Sure, you can cast a provisional ballot, but will it be counted? What if you live in a different district? What if it’s a special election? The district my friend moved into had a primary for state representative decided by just 93 votes less than two years ago – which precinct you can vote in, even in the same city, can have a major effect.
Mistakes happen. So do computer glitches. Sometimes people just don’t write legibly on their registration forms, and get registered on the wrong street, or with a misspelled name. Some voters may find out the way my friend did – if they have a friend at city hall, or they’re politically active and collect signature sheets, for example.
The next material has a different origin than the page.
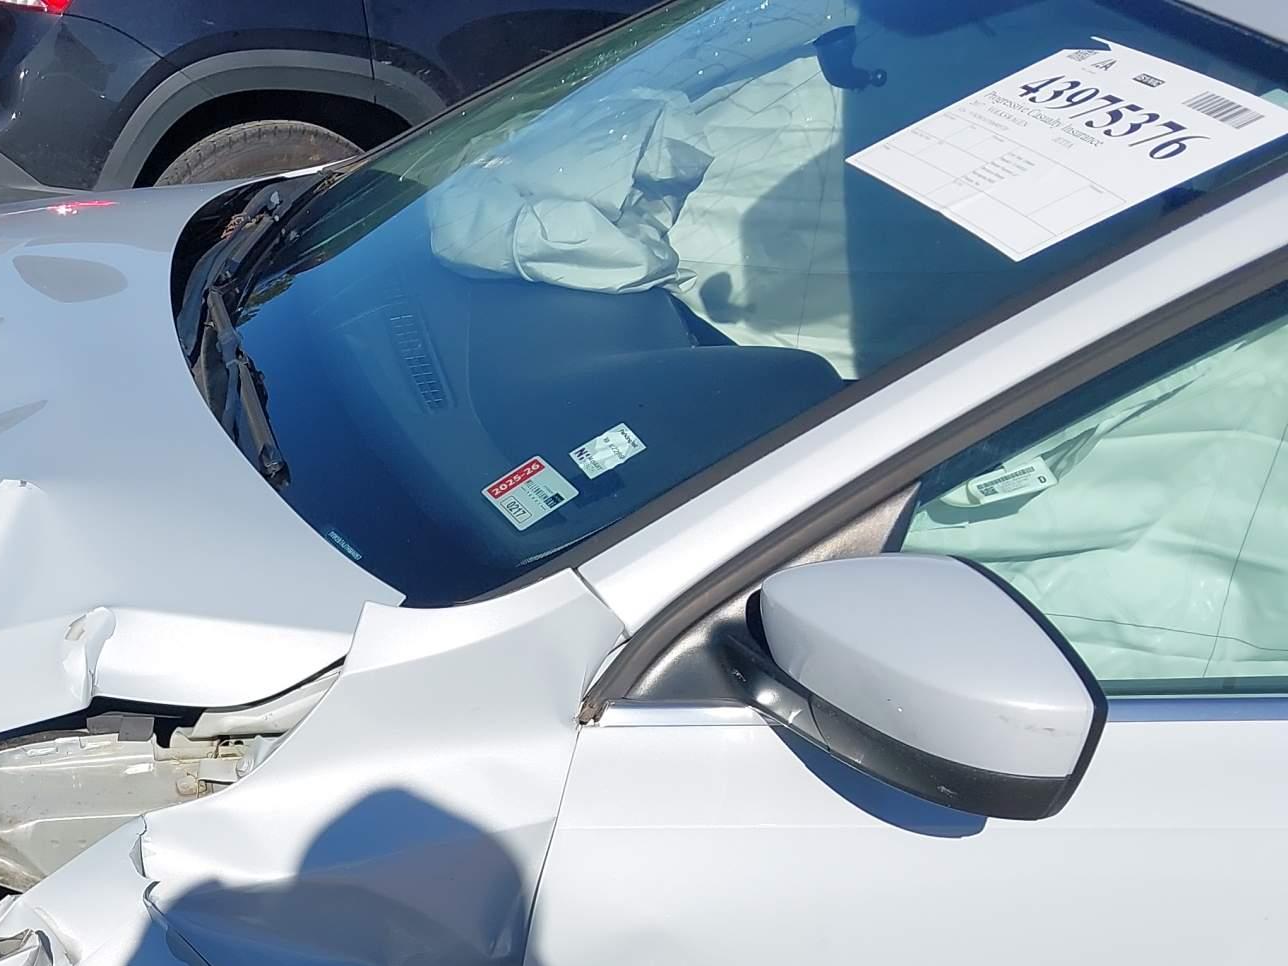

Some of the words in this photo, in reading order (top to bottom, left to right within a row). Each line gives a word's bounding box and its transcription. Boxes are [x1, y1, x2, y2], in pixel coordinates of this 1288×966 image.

But most voters won’t find out there’s a problem with their registration until they go to the polls to vote.
Same day registration, aka election day registration, is a simple idea: If you go to your polling place and find you’re not on their list, you register to vote, right there. Your new registration takes precedence over any other registration you previously had, just as when you register at other times. A number of states, including Minnesota, Wisconsin, and next-door New Hampshire, have same day registration. They’ve been doing this for years, have found hardly any fraud with the system, and have much higher voter turnout than states without Same Day Registration.
Why don’t we have it here in Massachusetts?
peter-porcupine says
Then I can vote for Kerry Healey in Worcester, Dorchester, Springfield, Plymouth, and, and,…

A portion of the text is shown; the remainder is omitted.